ミュージカル アナ雪カンパニーから見る自分らしさ
たいそうなタイトルをつけましたけれど、別にあんまり中身はございません。
1月にブロードウェイに行ったときにれりごーしてきました。
評判は微妙との噂もあったのですがとりあえずどんなものか観ようと思って。舞台の中身自体はまぁこんなもんかなぁ…という感想を持ったのですが、それ以外にカンパニーで大事にしているであろうことに感動してしまったのです。
まずちっちゃいアナとエルサ(どちらともいわゆる白人の女の子)が出てきて、雪だるまつくろぉぉぉおお~。
かわええなぁ…ともはや孫のように思うわけなんです。
で、そのアナとエルサのパパがアフリカ系、ママがアジア系。
今のブロードウェイは人種がバラバラな親子キャストというものがそれほど珍しいものではありません。日本の人は「肌の色が違うからこれ本当に親子?」って思うのかもしれませんが。
でもパパとママと娘たちの人種が全員違うというのはなかなか珍しくて。この時点で、それが意図的なものだと察しましたし、このカンパニーは人種やマイノリティ的なものに対して積極性があるんだなぁと感じました。
そして、アナ。
その日は2番手のキャストでした。
あぁ~1番手じゃないのか~と残念がってたんですよね。で、今日のアナがどういう役者さんなのかチェックしないで幕が開きました。
子役ちゃんの出番が終わり、大きくなったアナが出てきます。
肌が黒い
アフリカ系のアナでした。
あぁぁぁぁあああ!!!マジか!!!!と興奮しました。
とっても可愛くて歌が上手くて。まさにアナがそこにいました。
以前もハリーポッターの舞台で、ハーマイオニーをアフリカ系のキャストが演じて、ファンからそんなんおかしいみたいな反対意見が出てJKローリングがもともとキャラクターに人種は決めてないというコメントを出したということがあって。
観ながらこの話題をふと思い出しました。
アフリカ系初の○○役とか、アジア系初の○○役とか…ブロードウェイにおける人種問題っていうのも今タイムリーになってて。

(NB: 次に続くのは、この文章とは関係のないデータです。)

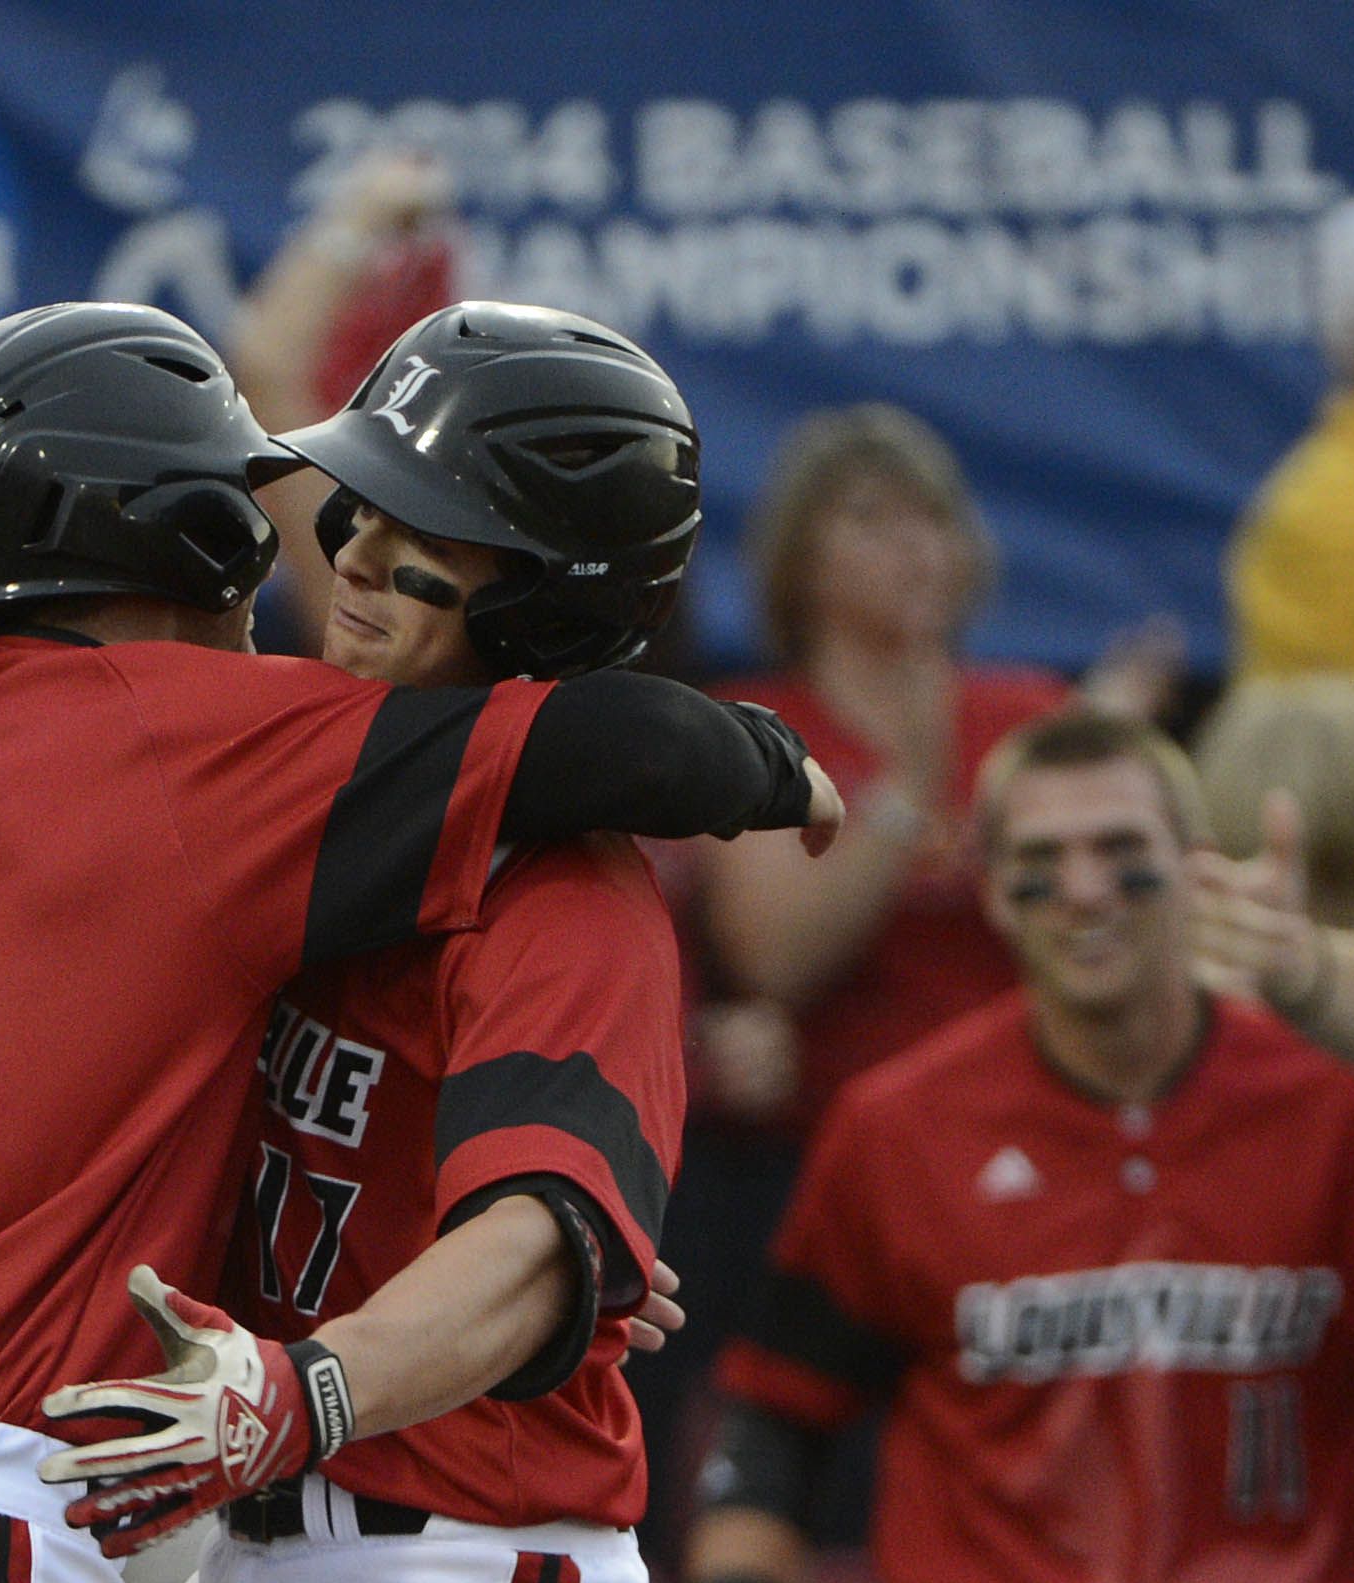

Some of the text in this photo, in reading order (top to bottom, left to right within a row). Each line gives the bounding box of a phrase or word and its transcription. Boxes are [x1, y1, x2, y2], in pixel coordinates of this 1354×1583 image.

[640, 98, 1345, 212] BASEBALL
[455, 212, 1325, 345] AMPIONSHI
[372, 355, 442, 436] L
[256, 1140, 362, 1317] 17
[953, 1262, 1342, 1386] LOUISVILLE

特にディズニーの場合は映画のイメージがあるから、欧米で上演される場合アナとエルサは白い肌(それに近い)の人が演じるものだと勝手に思っていました。実際に1番手の方はそうなのですが。でもそういう決め付けってすごく意味がないんだなと気づかされました。本当のことを言うと最初はアナっぽくないのかも?とよぎったのですが、それは凝り固まった無用な考えでした。だんだんとアナになっていって、アナにしか見えなくなりました。役者さんって凄いなぁ。
このアフリカ系のアナでもう一つ思ったのは、どの人種でもプリンセスになれるということ。アフリカ系のプリンセスは「プリンセスと魔法のキス」のティアナが有名だと思うのですが、あのアナを黒い肌の人が演じている。

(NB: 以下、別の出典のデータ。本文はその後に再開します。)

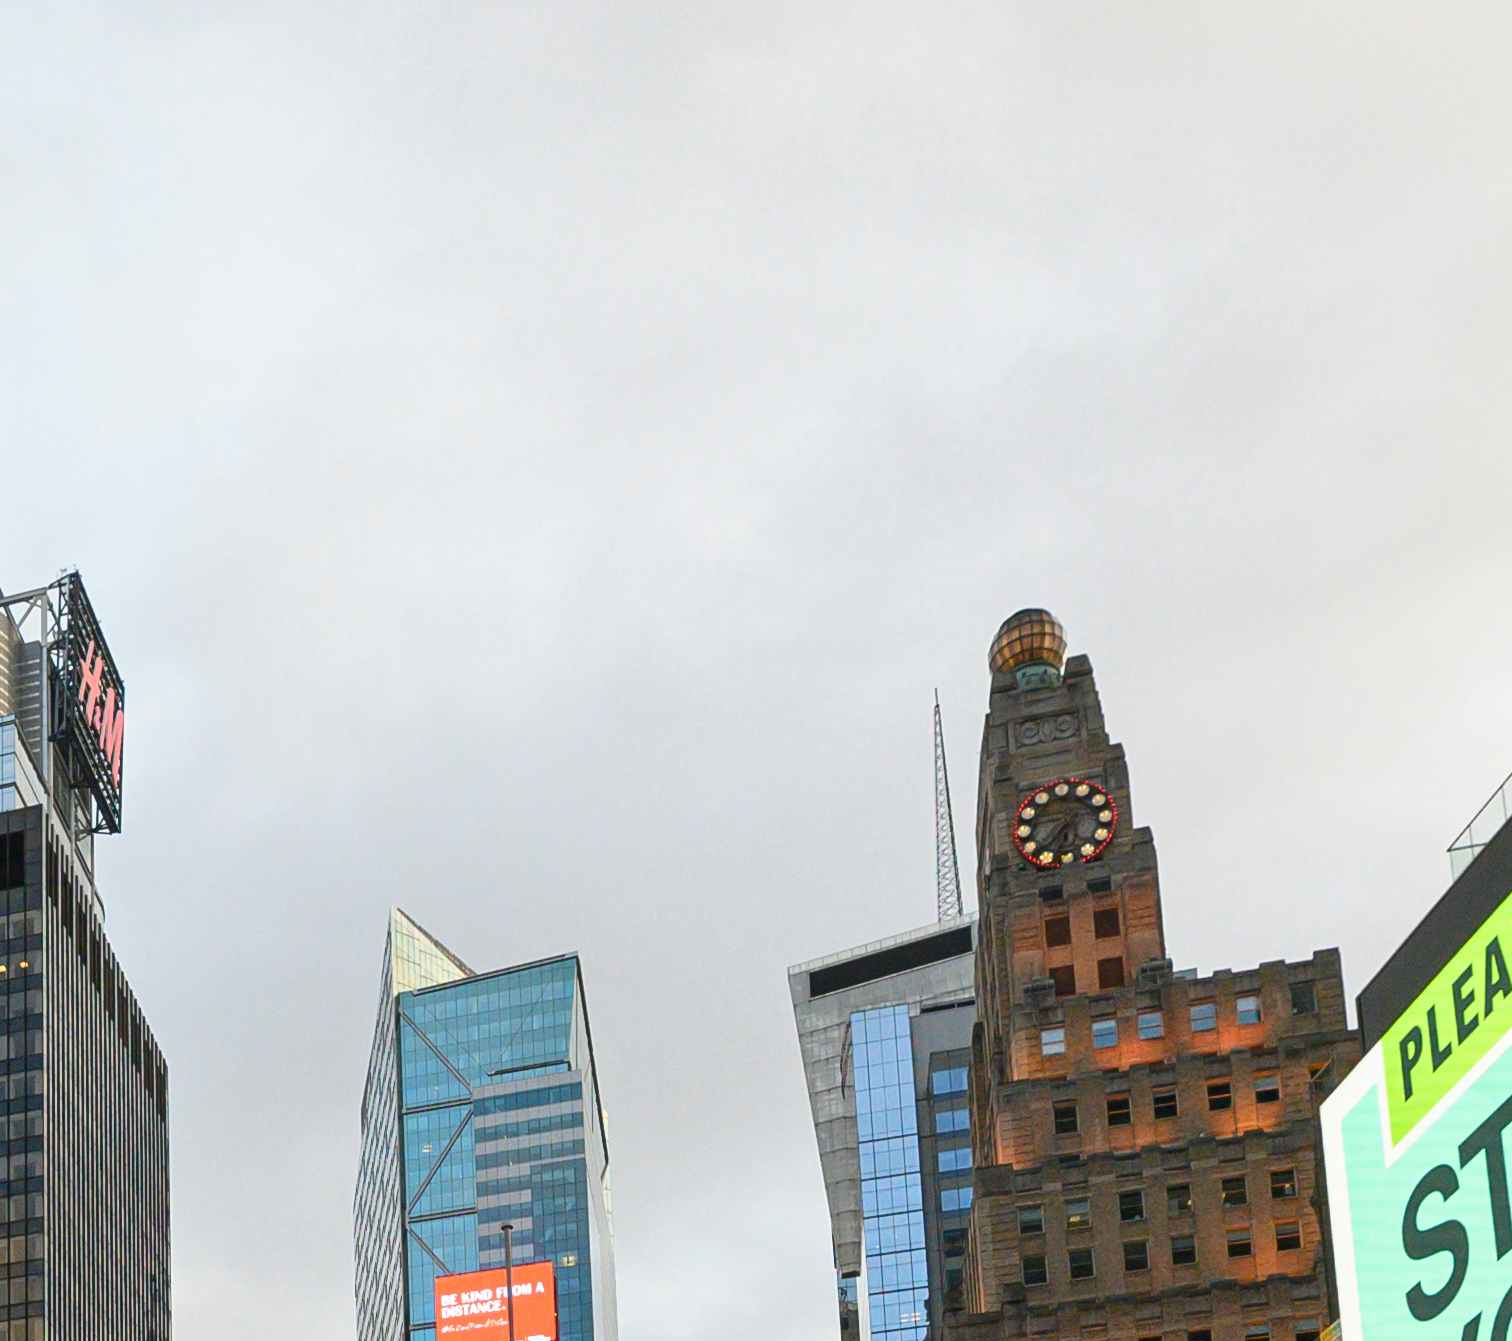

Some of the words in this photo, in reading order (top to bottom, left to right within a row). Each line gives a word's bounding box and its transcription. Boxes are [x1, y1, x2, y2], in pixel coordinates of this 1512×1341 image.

[78, 640, 124, 788] H&M
[441, 1293, 459, 1307] BE
[461, 1288, 493, 1303] KIND
[536, 1281, 545, 1293] A
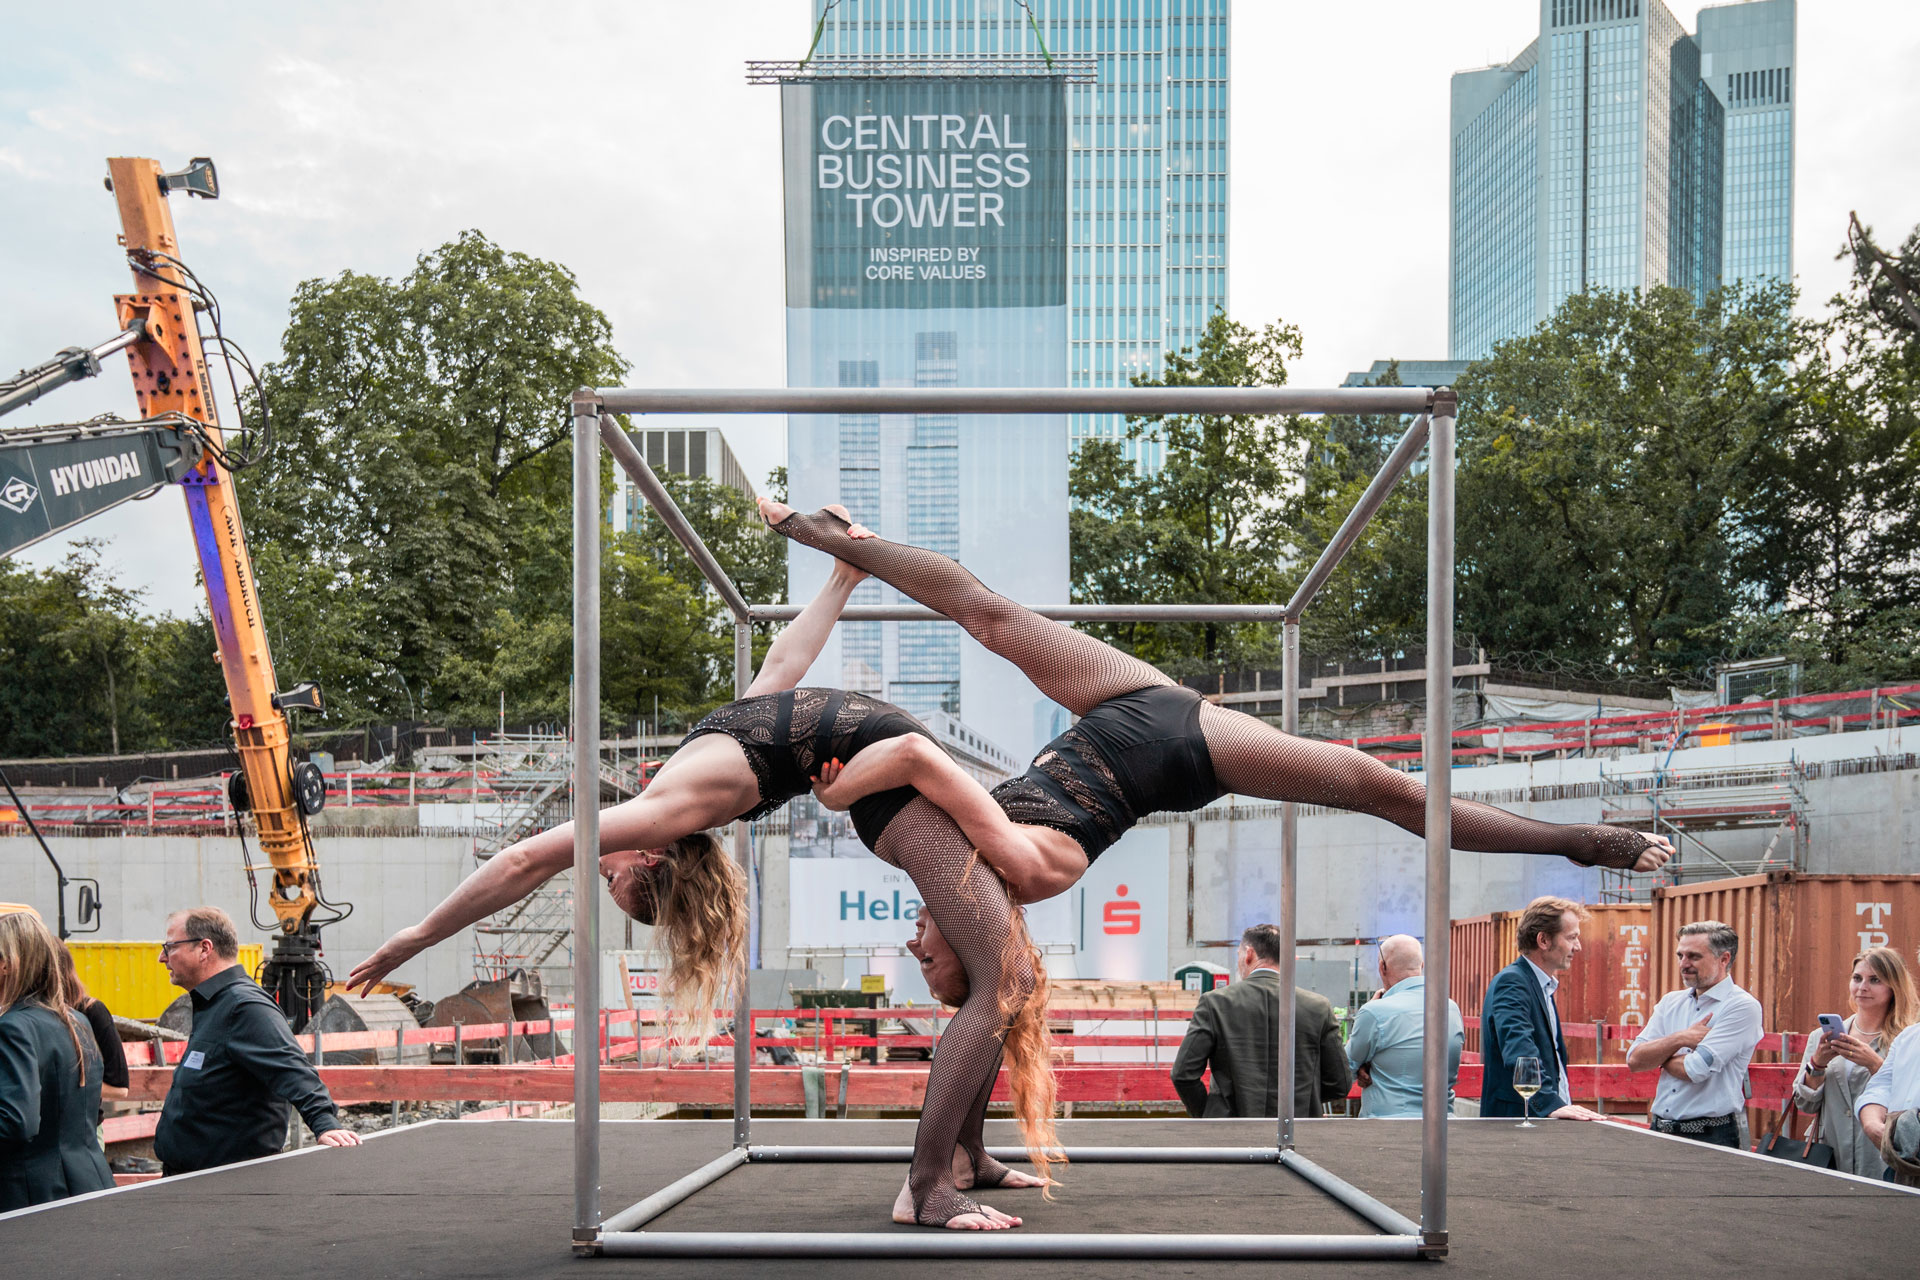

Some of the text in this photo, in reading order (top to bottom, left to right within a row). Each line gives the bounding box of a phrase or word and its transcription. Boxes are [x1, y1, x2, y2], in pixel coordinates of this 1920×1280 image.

[822, 113, 1027, 150] CENTRAL
[818, 153, 1031, 189] BUSINESS
[846, 192, 1005, 228] TOWER
[865, 265, 986, 280] CORE VALUES
[870, 248, 980, 262] INSPIRED BY
[50, 451, 141, 497] HYUNDAI
[225, 514, 256, 629] AWR ABBRUCH
[883, 874, 901, 883] EIN

これ同じ肌の色の子どもたちが観たらどう思うでしょうね。もしも私がプリンセスに憧れを持っているとしたら、すっごい勇気を貰えると思います。違う肌の色の子は、誰かに言われなくても黒い肌の子もプリンセスになれると気づく、またはそういう概念もないくらいのもっと年下の子どもはそれが当たり前なんだと自然に受け入れることができると思います。
ニューヨークはもともとリベラルな考えを持った人が多い街なのですが、こういう子が大人になったら…と想像するとなんだか嬉しくなります。
ちなみに、アナの1番手であるパティは自身の心の問題について語っています。
もちろんキャスティングする際にそういうことを抱えているというのは、選ぶ側の人たちは分かっているはずです。そうなると日本だとそういう人は積極的に選ぶということはあまりないのでは?と。
実際に他人にはなかなか理解されにくい障害を持っていたとある役者さんは仕事ができないという理由で役者という職業を辞めてしまいました。もしも急に出演ができなくなったら…という点もあるでしょうが、そこはアンダーキャストが当たり前な興行形態ならではだなと思うのです。
それと最近、新しいニュースが!!!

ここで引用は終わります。